**Goal of the exercise**. There is a line containing "this 2172×1448 image." in the records below. Repeat it and every line after it, exactly, through the final line, but no pictures.

[Image-backed grounding data]
* * * * *
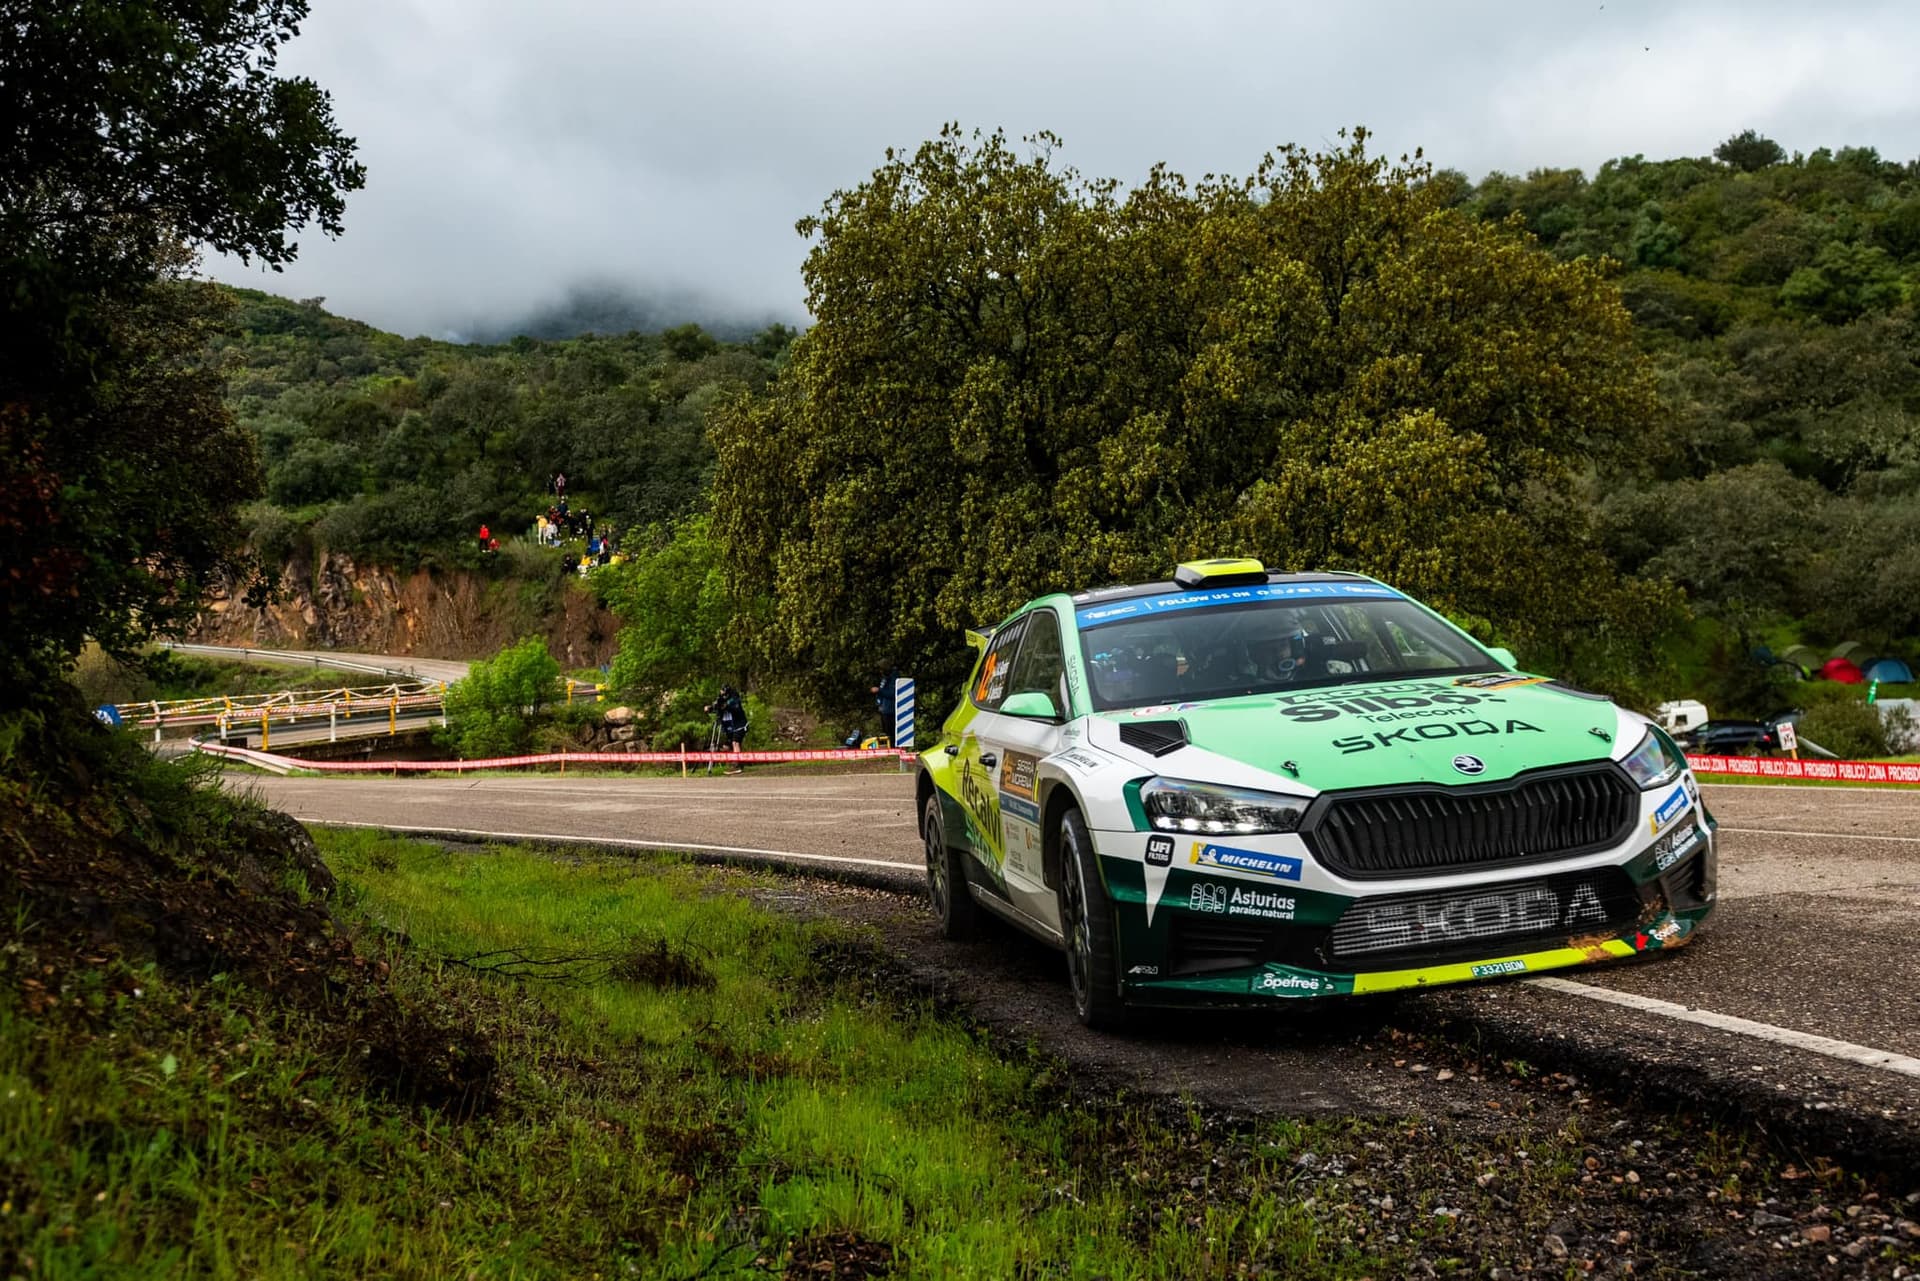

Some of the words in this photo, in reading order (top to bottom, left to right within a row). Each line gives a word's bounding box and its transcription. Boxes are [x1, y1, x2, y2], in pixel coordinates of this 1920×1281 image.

[1157, 595, 1209, 607] FOLLOW
[1213, 592, 1230, 600] US
[1232, 591, 1251, 599] ON
[1357, 706, 1475, 723] Telecom
[1711, 758, 1727, 772] ZONA
[1728, 759, 1758, 774] PROHIBIDO
[1785, 761, 1803, 776] ZONA
[1804, 762, 1837, 778] PROHIBIDO
[1867, 765, 1887, 780] ZONA
[1150, 840, 1171, 854] UFI
[1148, 851, 1169, 861] FILTERS
[1219, 853, 1293, 873] MICHELIN
[1230, 887, 1296, 910] Asturias
[1229, 905, 1261, 915] paraíso
[1262, 909, 1294, 920] natural
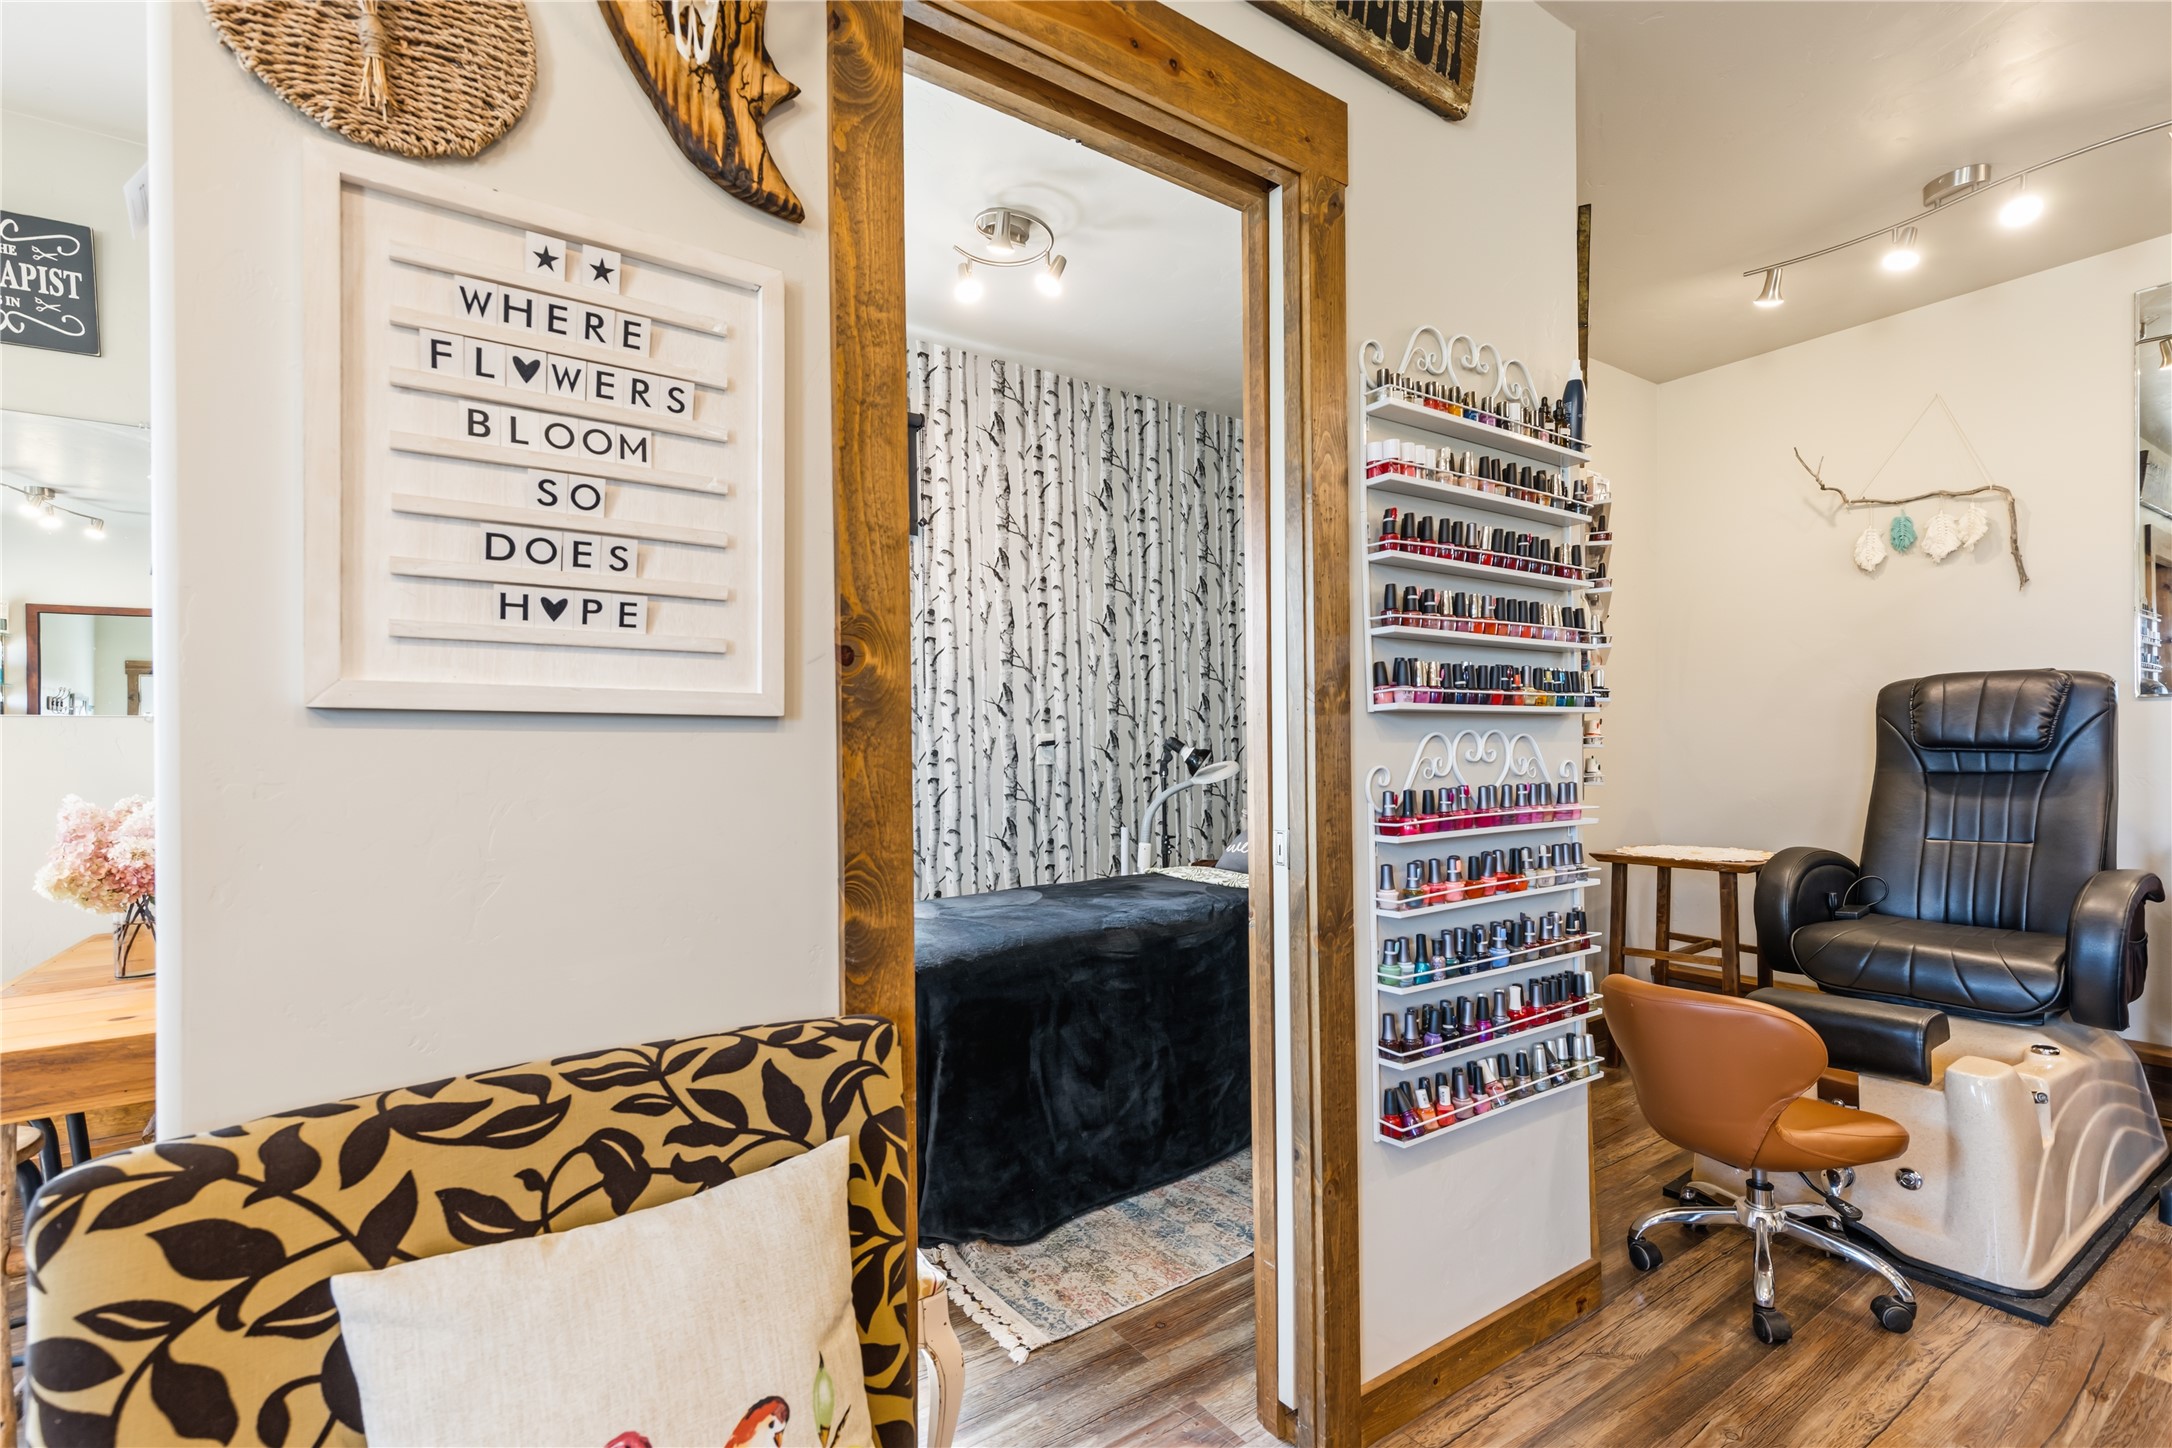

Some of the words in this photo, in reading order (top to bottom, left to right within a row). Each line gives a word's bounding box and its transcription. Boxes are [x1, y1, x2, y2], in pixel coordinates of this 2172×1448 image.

[5, 295, 20, 308] IN
[459, 285, 642, 351] WHERE
[467, 408, 648, 463] BLOOM
[537, 478, 601, 511] SO
[485, 532, 630, 572] DOES
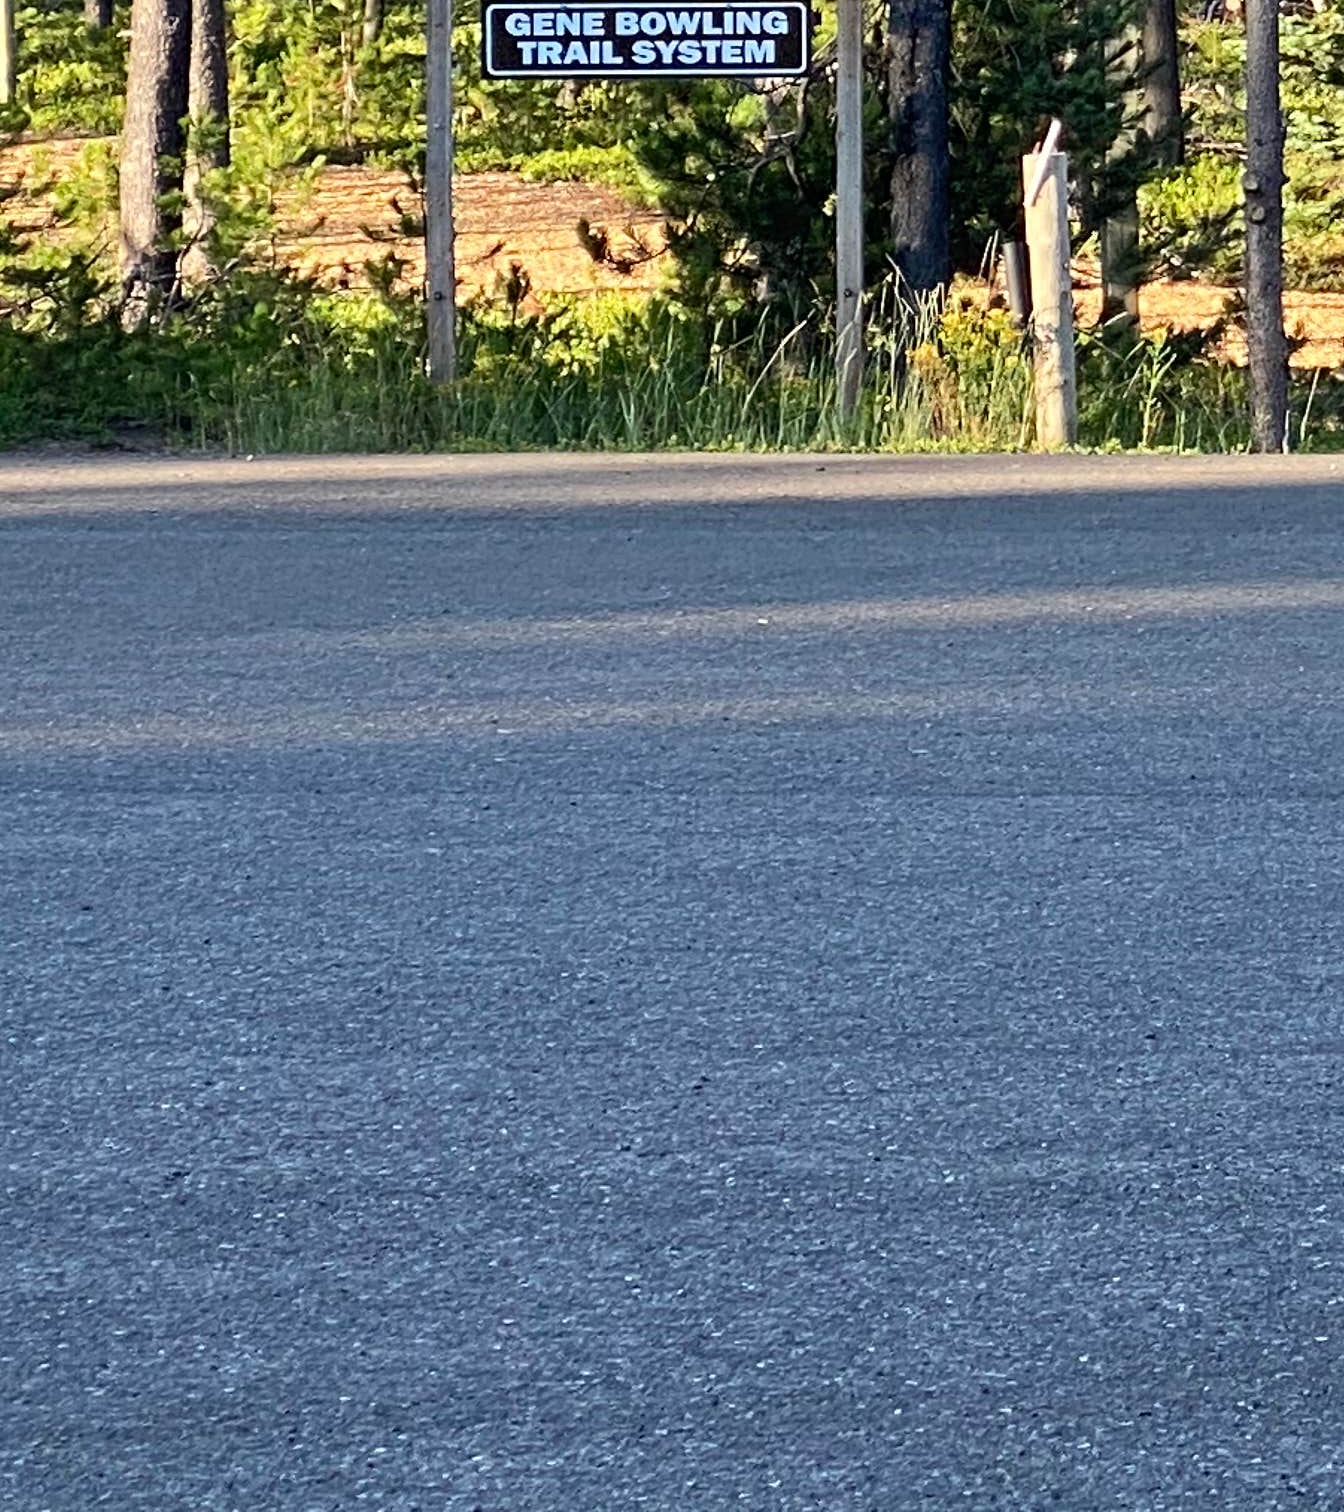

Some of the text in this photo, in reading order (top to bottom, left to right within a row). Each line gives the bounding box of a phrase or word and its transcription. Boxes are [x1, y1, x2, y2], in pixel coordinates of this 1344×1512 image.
* * * * *
**Completed exercise**.
Some of the words in this photo, in reading order (top to bottom, left to right within a row). Each line gives a word's bounding box and its transcription. Boxes are [x1, y1, x2, y2], in pixel coordinates of this 2172×1448 image.

[5, 295, 20, 308] IN
[459, 285, 642, 351] WHERE
[467, 408, 648, 463] BLOOM
[537, 478, 601, 511] SO
[485, 532, 630, 572] DOES

Some of the text in this photo, in reading order (top to bottom, left to right within a row). Each line gives the bounding box of a phrase or word and its transcription. Boxes are [x1, y1, x2, y2], in pixel coordinates of this 1344×1512 image.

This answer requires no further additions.